Biz tarih boyunca, nereye gittiysek gittiğimiz her yerde, mal ve can güvenliğini, din ve vicdan özgürlüğünü, kardeşliği tek kelimeyle ADALET’i kaim kılmışızdır. Batı ise bizden sonra nereye girdiyse, orasını sömürdü, talan etti. Hatta dünyayı yağmalamak üzere bölüştüler. Çoğu zaman da birbirleriyle hırlaşıp, ortalığı kan gölüne  çevirdiler.

İşte Afrika örneği, isterseniz olanları şecaat arzederken “merdi kıptî sirkatin söyler” misali müstakbel İtalyan Başbakandan dinleyelim.

“Macron’un sorumsuzluğuna yazıklar olsun. Libya’yı onlar bombaladı… Çünkü İtalya’nın Kaddafi ile enerji alanındaki özel ilişkileri onları endişelendirmişti.”

Fransa Afrika’yı sömürmeye devam ediyor. 14 ülke’de para birimi bastırıp paranın üzerine damga vuruyor. 

Çocukları madenlerde çalıştırıp hammadde edinmeye devam ediyor.

Fransa nükleer reaktörleri için kullandığı uranyumun %30’unu Nijer’den çıkarıyor.

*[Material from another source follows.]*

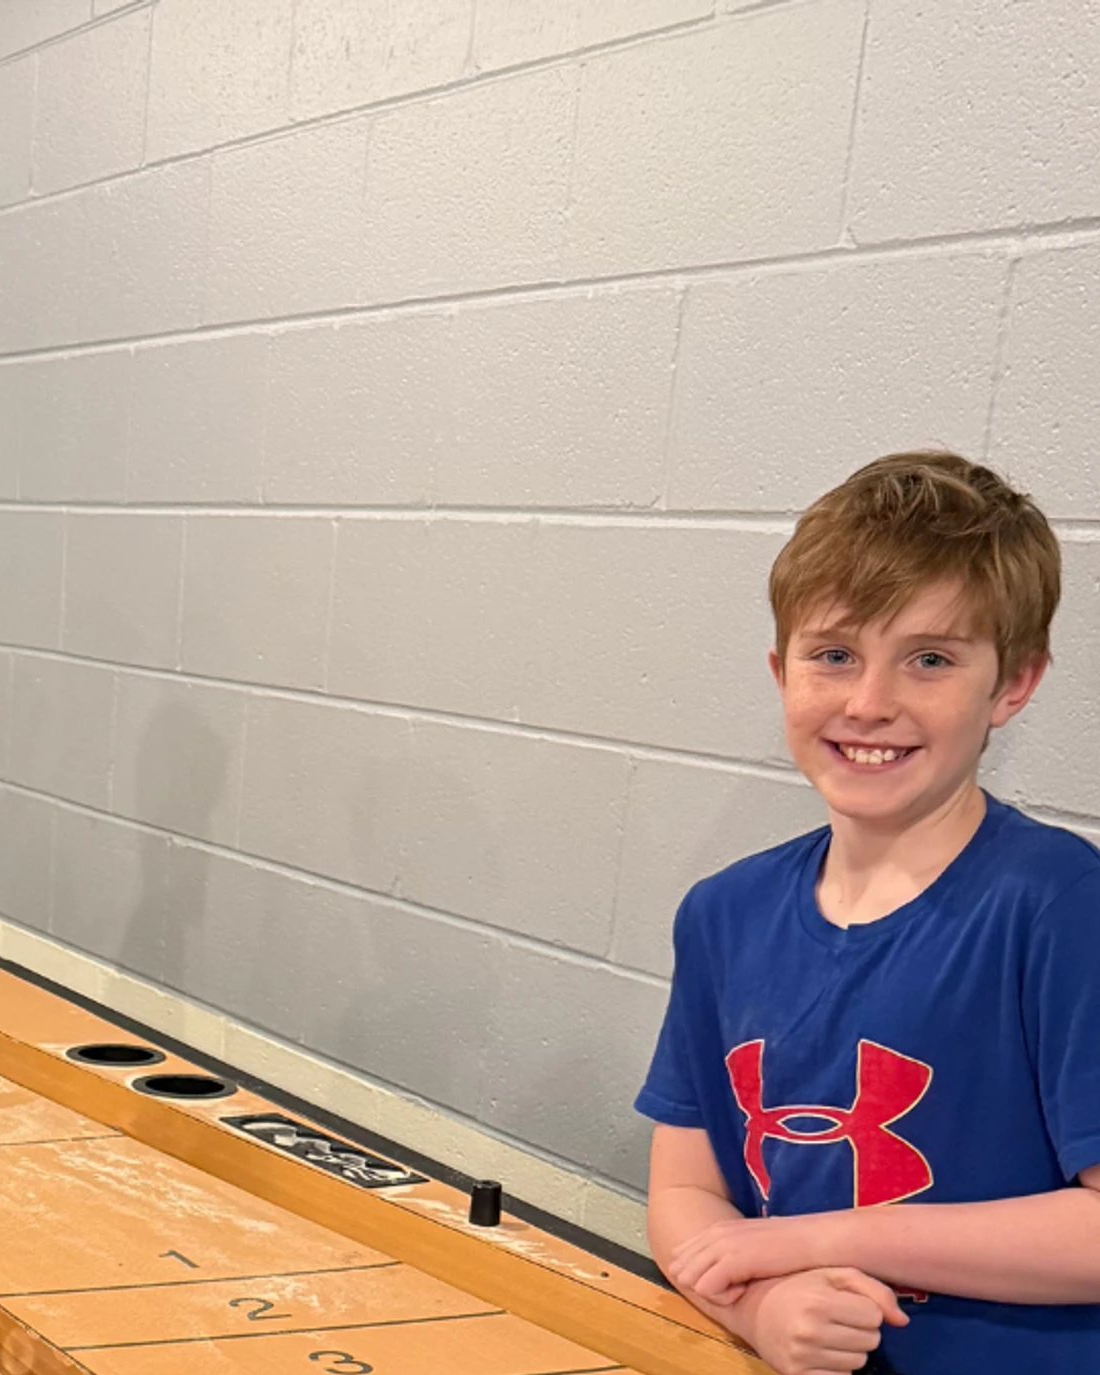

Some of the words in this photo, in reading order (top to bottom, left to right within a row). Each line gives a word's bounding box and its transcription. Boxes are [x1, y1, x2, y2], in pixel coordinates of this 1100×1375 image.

[158, 1250, 200, 1268] 1
[228, 1297, 292, 1321] 2
[308, 1350, 374, 1375] 3

Ama Nijer’in nüfusunun %90’ı elektriksiz yaşıyor.

Afrika’nın kurtuluşu Avrupalı’ların Afrika’yı  terk etmelerine bağlıdır. “

Bunları ben söylemiyorum, İtalya’nın Başbakan adayı Bayan G. Melloni söylüyor. Üstelik Afrika’nın bağımsızlık ve huzurunun, Avrupalıların Afrika’yı tamamen terk etmelerine bağlı olduğuna vurgu yaparaktan…

Gelelim Mersin'deki polis evinin bombalanmasındaki ince izler

Sözü fazla uzatmayacağım; önce şehit Polis kardeşimizin acısını yüreğimde hissederek ailesine, ana-babasına, görev arkadaşlarına, Emniyet Teşkilatına ve Aziz Milletimize baş sağlığı diliyorum. Şehit kardeşimizin mekanı cennet, makamı alî olsun.

Peki kimliği tesbit edilen saldırgan terörist kim? Söyleyeyim, dolaylı da olsa CHP’nin himaye ettiği, “Bayan Gazeteci”damgalı bir cani. Geçtiğimiz yıllarda CHP Milletvekilleri Nurettin Demir, Veli Ağababa, Özgür Özer’in hazırladığı “Tutuklu ve Hükümlü  Gazeteciler” raporunda CHP’nin “Madur Gazeteci” olarak kutsadığı bir kişi, 

Böyle bir cinayetin izi takip edildiğinde önümüze HDP’nin çıkabileceği tahmin edilebilirdi ama, CHP’nin çıkacağı hiç tahmin edilemezdi.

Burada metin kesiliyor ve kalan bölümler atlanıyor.